Now, Europol has published a progress report showing the enormous impact the infiltration of the encrypted communications tool EncroChat made.

EncroChat, a company based in the Netherlands, advertised its services as safer than safe, stating that no messages were saved on its servers, which were located “offshore.” However, Dutch law enforcement figured out the EncroChat servers were located in France and got to work, hoping to catch criminals in the act. And they did.

The EncroChat system was well organized and had gained a lot of trusting users over the years. Criminals felt secure enough to chat freely about everything: Names of customers, drug deliveries, and even assassinations. And their trust was understandable, given what EncroChat promised to offer:

  • Phones were dual boot, so users could alternatively start the Android operating system and their phones would look like a normal, old-fashioned model
  • The phones had a “wipe all” button that would delete all the stored conversations in case of an arrest or other emergency
  • No messages were stored on servers so they could not be seized and decrypted later
  • The service used OTR which is a cryptographic protocol that provides both authentication and end-to-end encryption for instant messaging. This protocol ensures that session keys will not be compromised even if the private key of the server is compromised. Even when a server is seized, the conversations cannot be decrypted or lead back to the participants

EncroChat users paid hefty fees for this service— thousands of dollars per year, per device. The exorbitant fees may explain why the majority of the EncroChat clientele could be found on the wrong side of the law. Other parties that might have a vested interest in keeping their chat messages secret include government parties, journalists, security professionals, or lawyers. However, there are cheaper, if somewhat less sophisticated, alternatives for legitimate secret-keeping that law enforcement does not target.

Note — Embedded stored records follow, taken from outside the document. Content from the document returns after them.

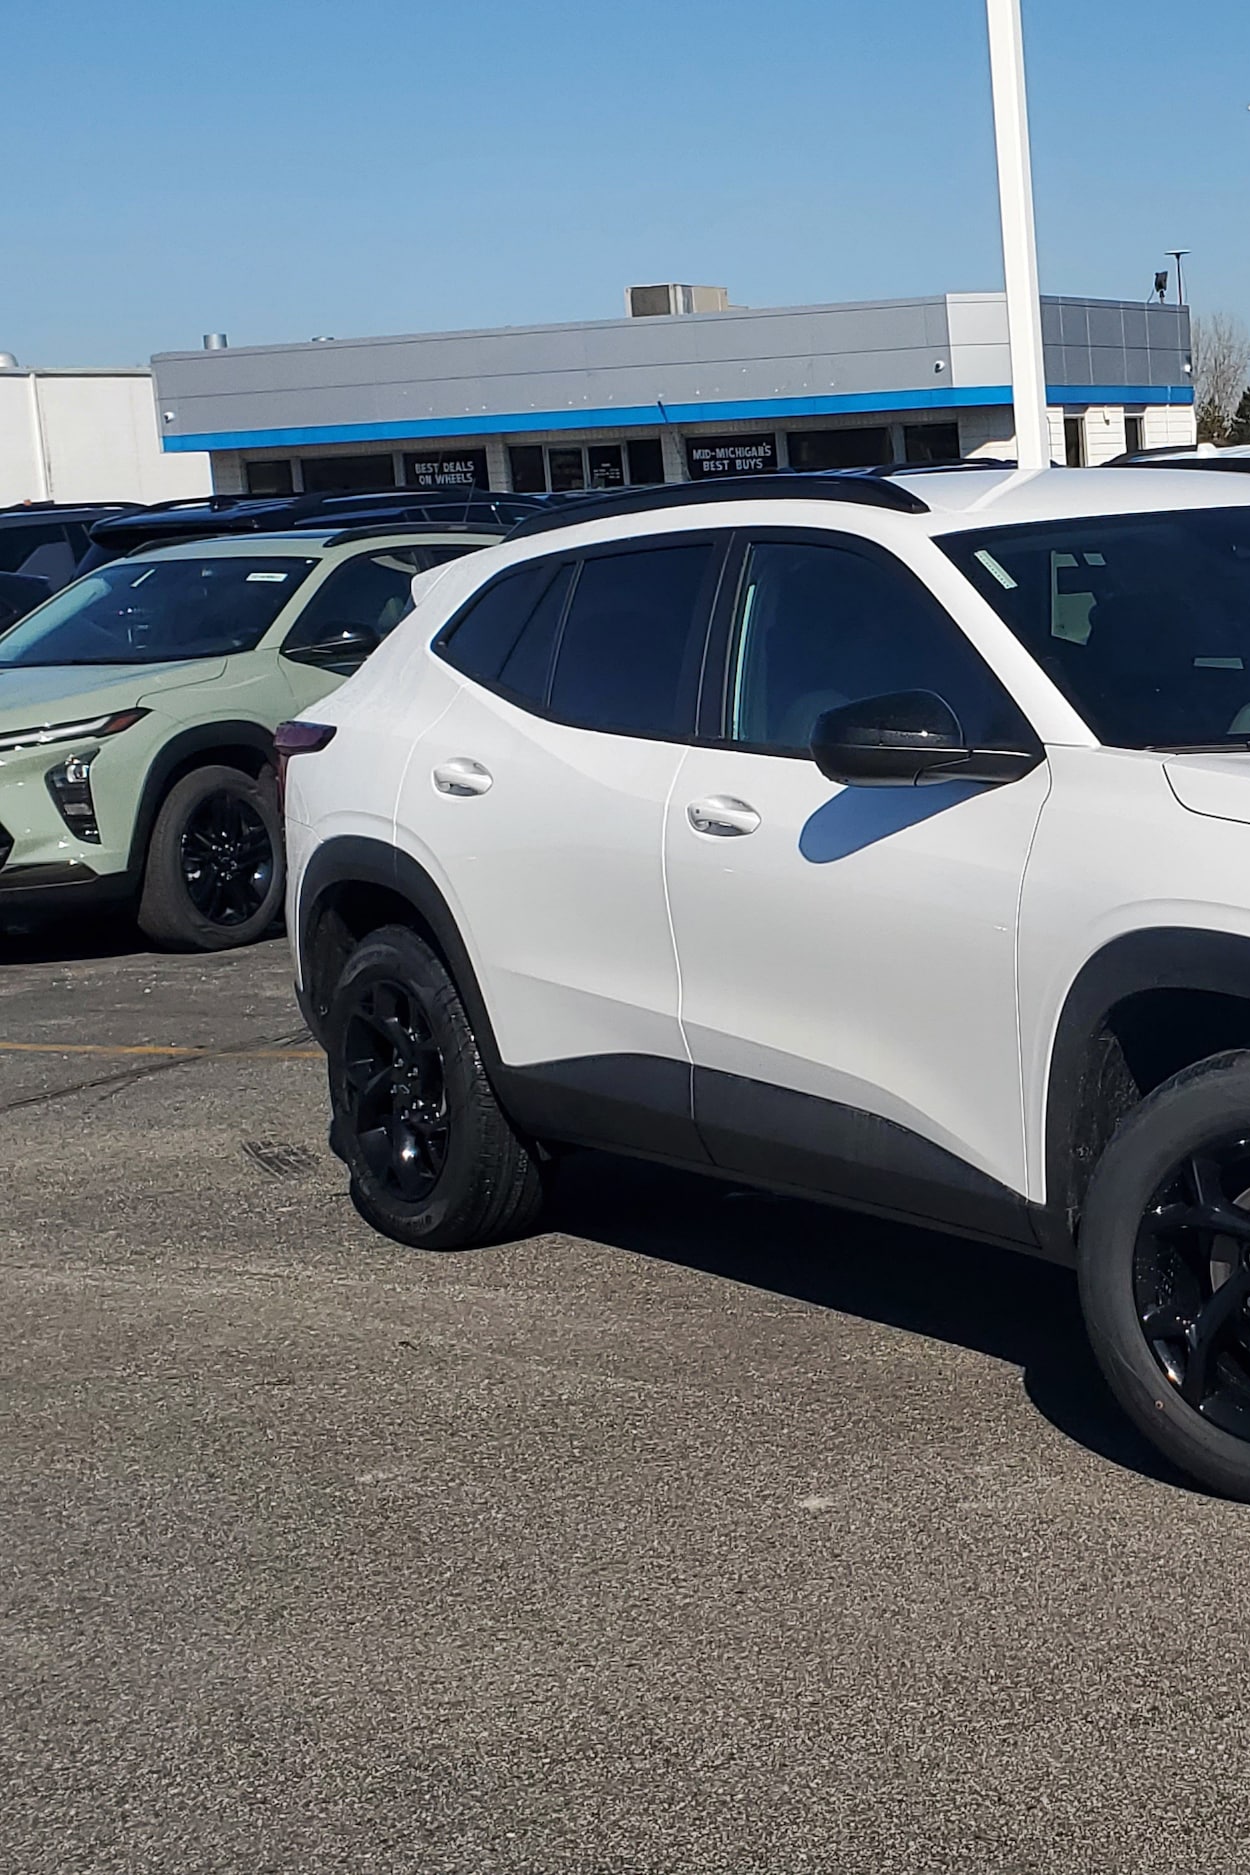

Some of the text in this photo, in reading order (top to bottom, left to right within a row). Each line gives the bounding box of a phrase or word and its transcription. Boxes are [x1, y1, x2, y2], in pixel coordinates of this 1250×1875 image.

[692, 442, 772, 460] MID-MICHIGAN'S
[415, 461, 474, 474] BEST DEALS
[702, 459, 763, 471] BEST BUYS
[419, 473, 473, 485] ON WHEELS
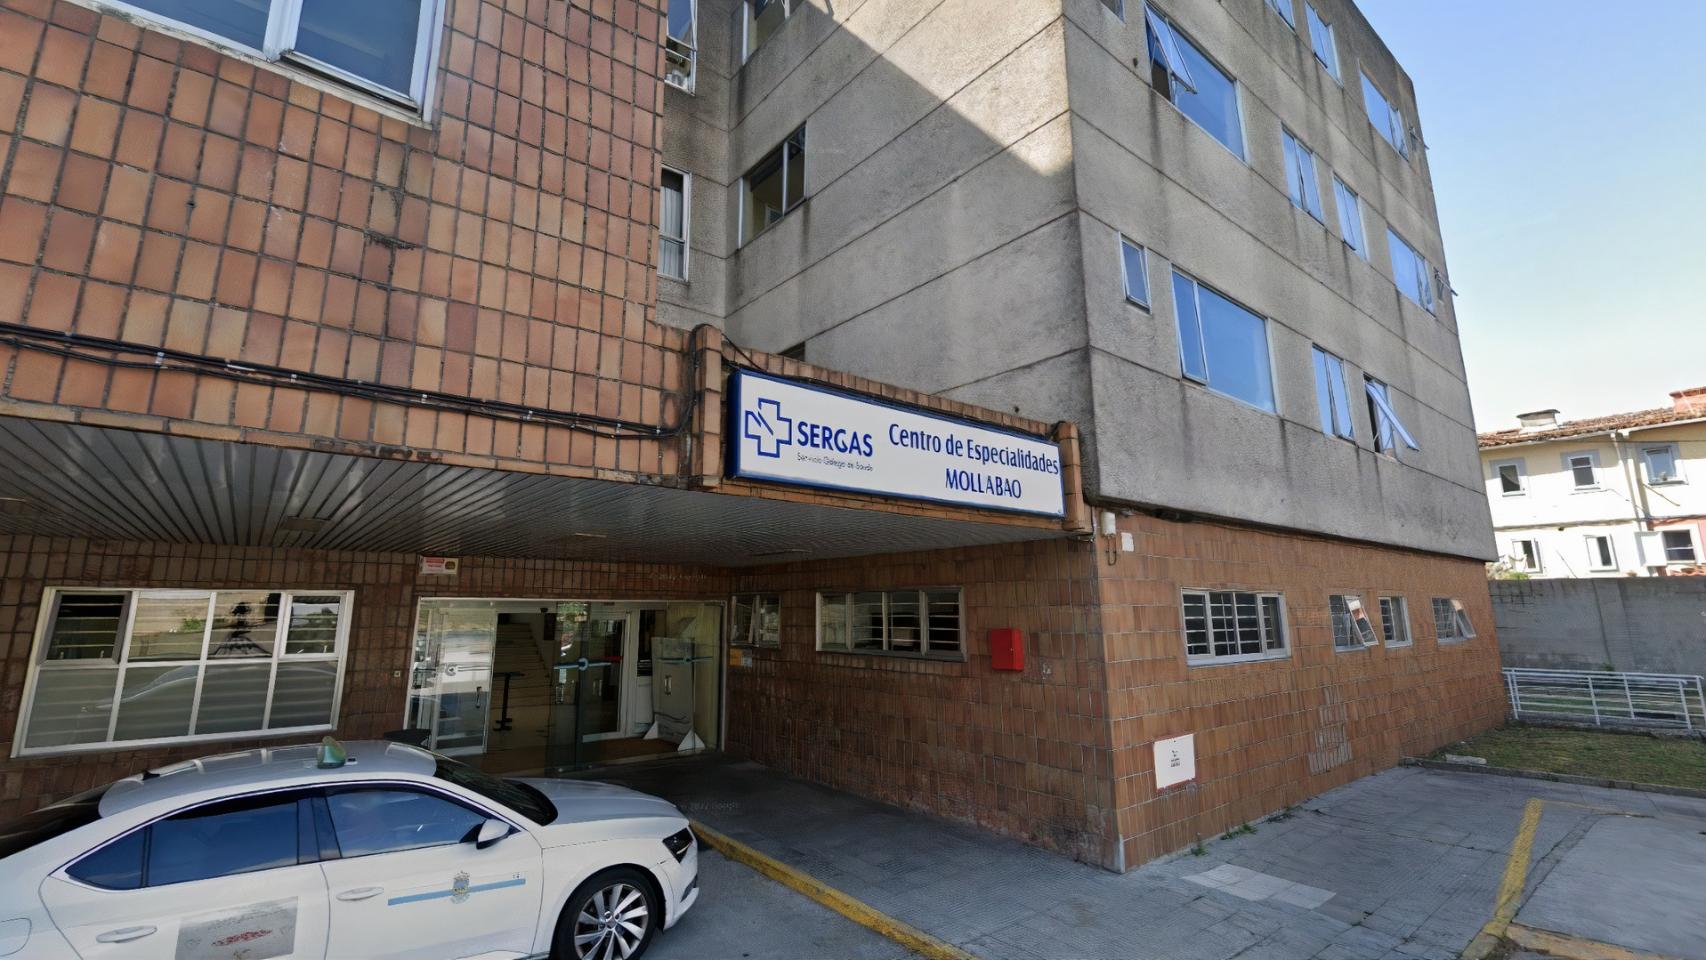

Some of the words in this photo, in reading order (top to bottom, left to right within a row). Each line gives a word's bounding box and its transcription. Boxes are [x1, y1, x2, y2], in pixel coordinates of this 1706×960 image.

[797, 421, 873, 457] SERGAS
[889, 423, 942, 453] Centro
[945, 434, 963, 457] de
[967, 439, 1059, 474] Especialidades
[945, 468, 1022, 498] MOLLABAO
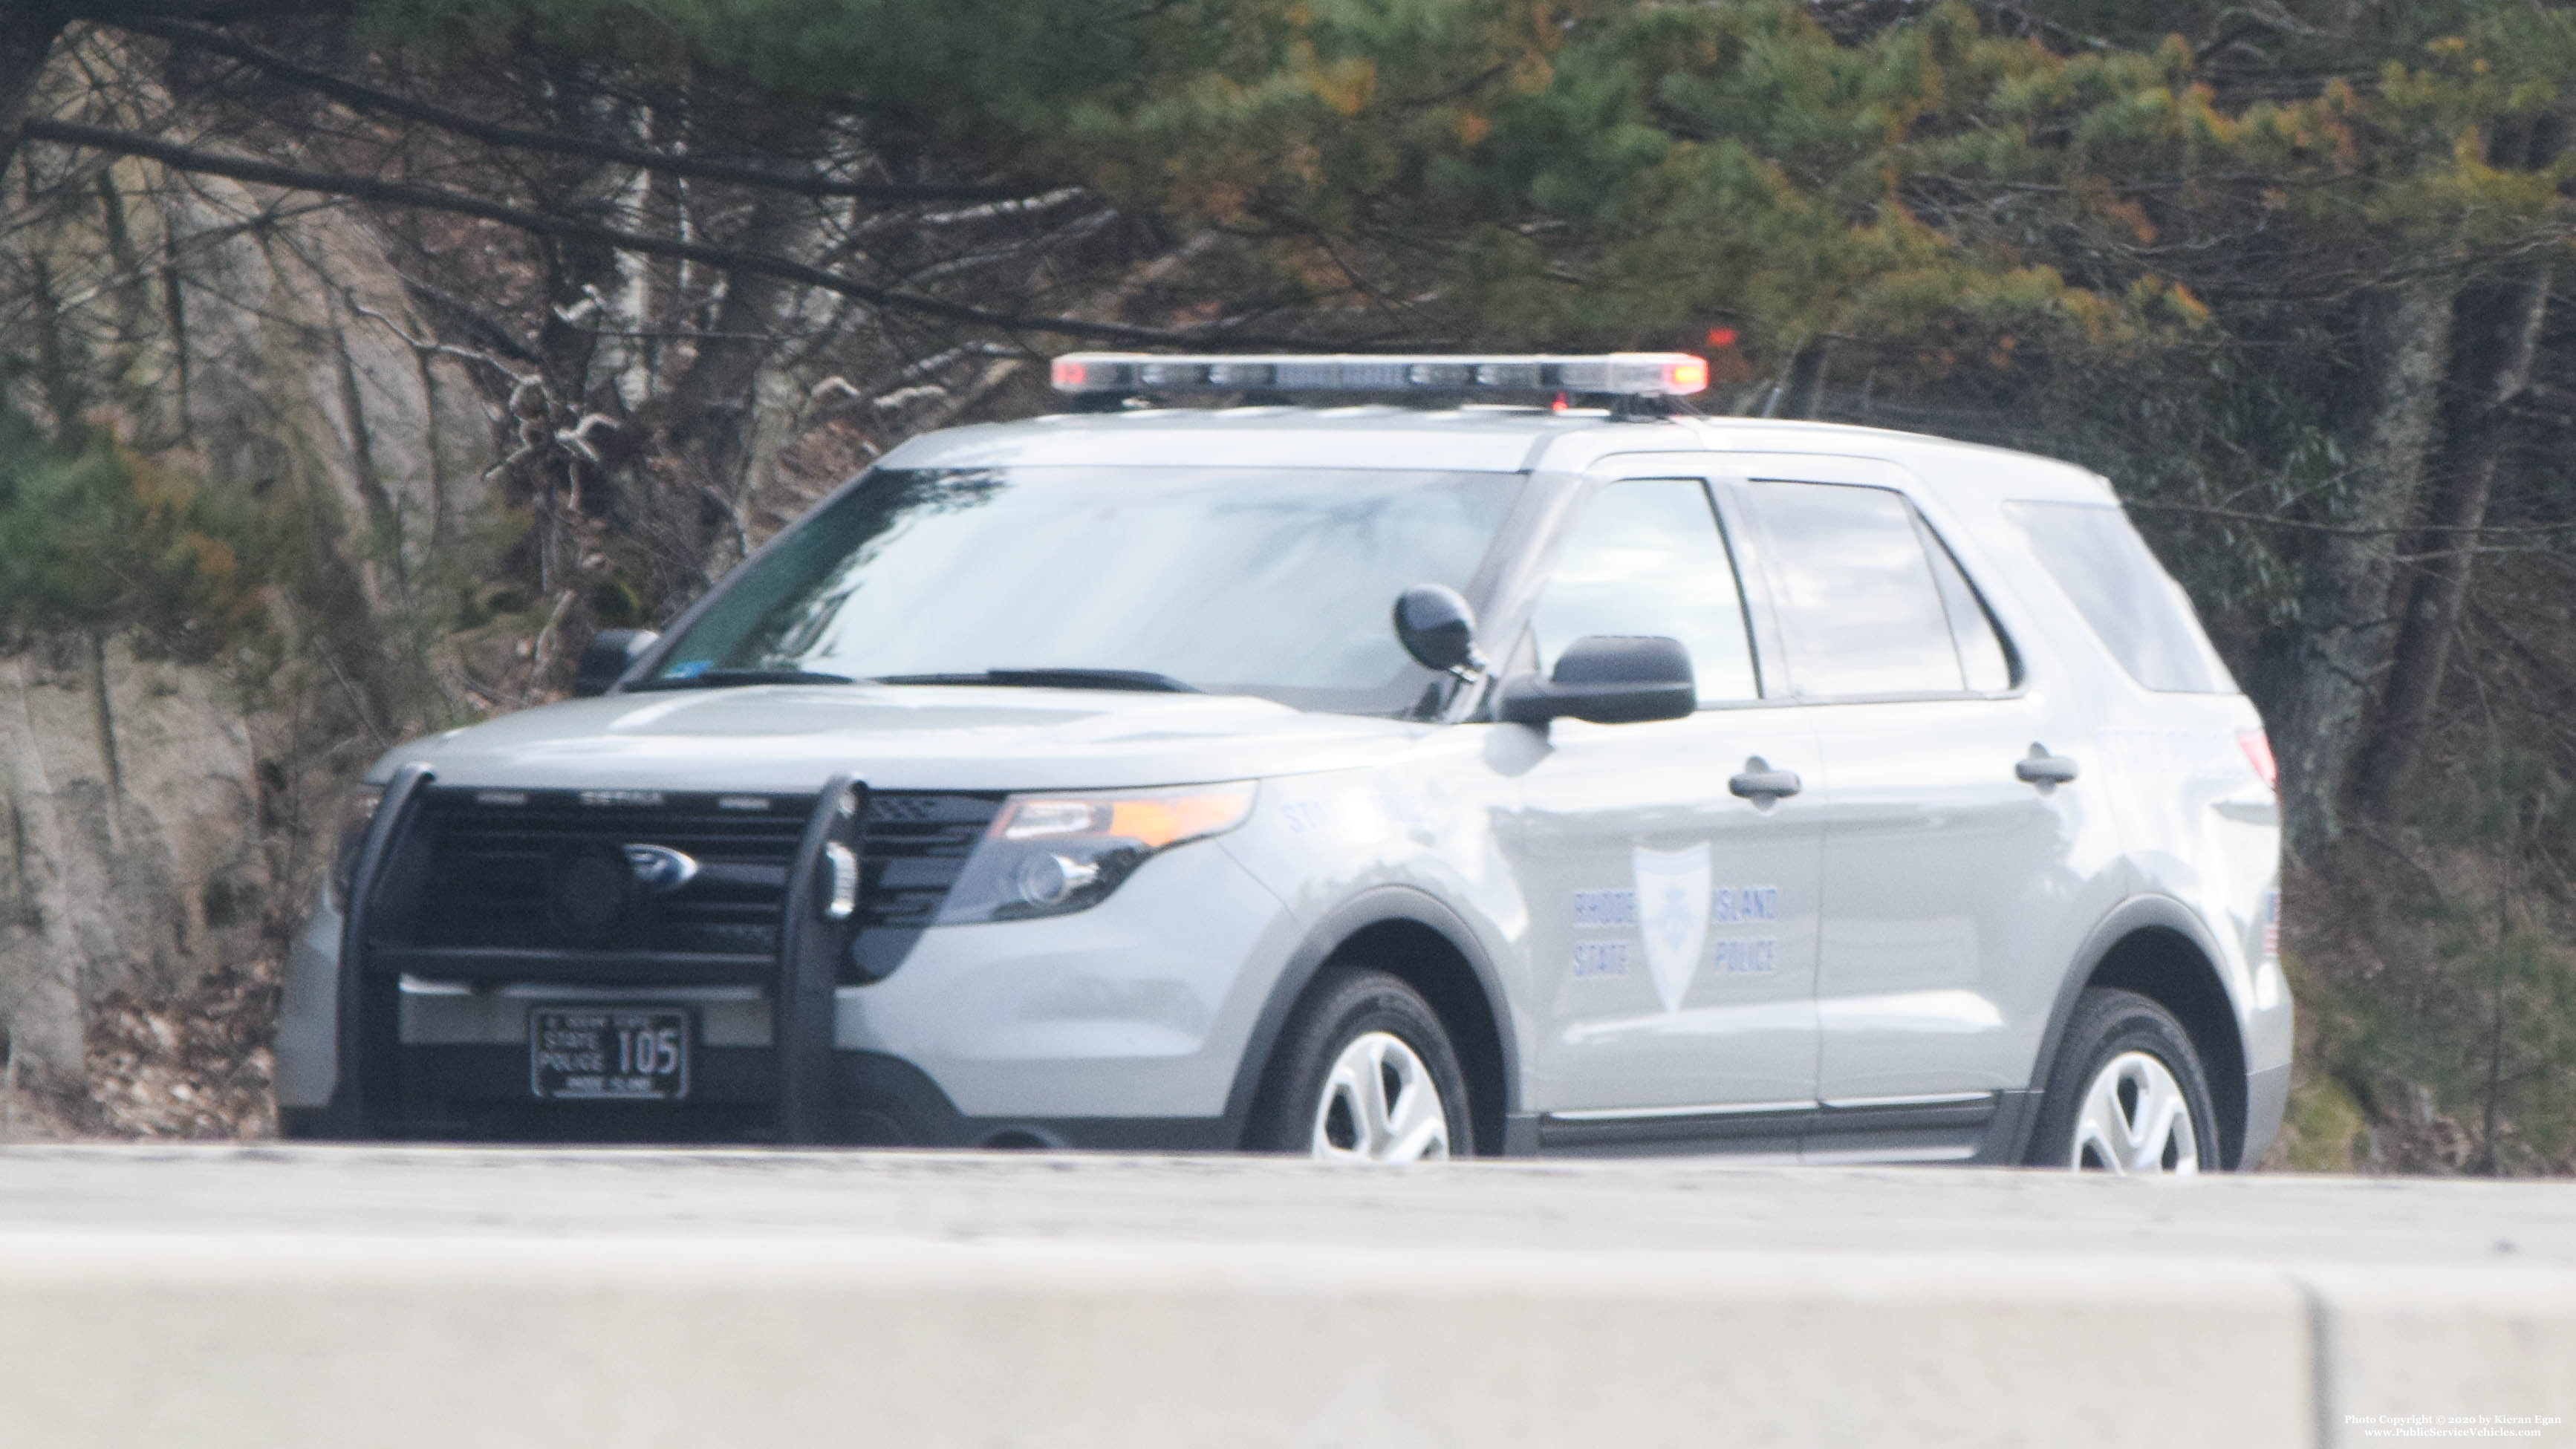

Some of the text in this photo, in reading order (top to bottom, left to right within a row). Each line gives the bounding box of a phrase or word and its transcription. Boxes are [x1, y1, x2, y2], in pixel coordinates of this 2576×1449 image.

[1573, 888, 1777, 923] RHODE ISLAND
[1574, 940, 1775, 977] STATE POLICE
[544, 1031, 596, 1049] STATE
[619, 1029, 677, 1074] 105
[540, 1052, 602, 1071] POLICE

According to Europol, most EncroChat users were either members of organized crime, or performed drug trafficking. The rest engaged in money laundering, assassinations, and firearms trafficking.

Diagram showing EncroChat users by crime area EncroChat users divided by crime area, courtesy of Europol

Three years later the harvest of the operation stands at:

  • 6,558 suspects arrested, including 197 high value targets  
  • 7,134 years of imprisonment of convicted criminals up to now
  • EUR 739.7 million in cash seized
  • EUR 154.1 million frozen in assets or bank accounts
  • 30.5 million pills of chemical drugs seized
  • 103.5 tonnes of cocaine seized
  • 163.4 tonnes of cannabis seized
  • 3.3 tonnes of heroin seized
  • 971 vehicles seized
  • 271 estates or homes seized
  • 923 weapons seized, as well as 21,750 rounds of ammunition and 68 explosives
  • 83 boats and 40 planes seized

All this was possible thanks to the analysis of 115 million conversations between the roughly 60,000 users of the EncroChat platform.

Similar operations like the one against Sky ECC, and a fake secure chat service set up by the Federal Bureau of Investigation (FBI) and the Australian Federal Police (AFP) called AN0M, have shown that despite being unable to break secure encryption, law enforcement agencies have found ways to eavesdrop on the criminals that feel safe using them.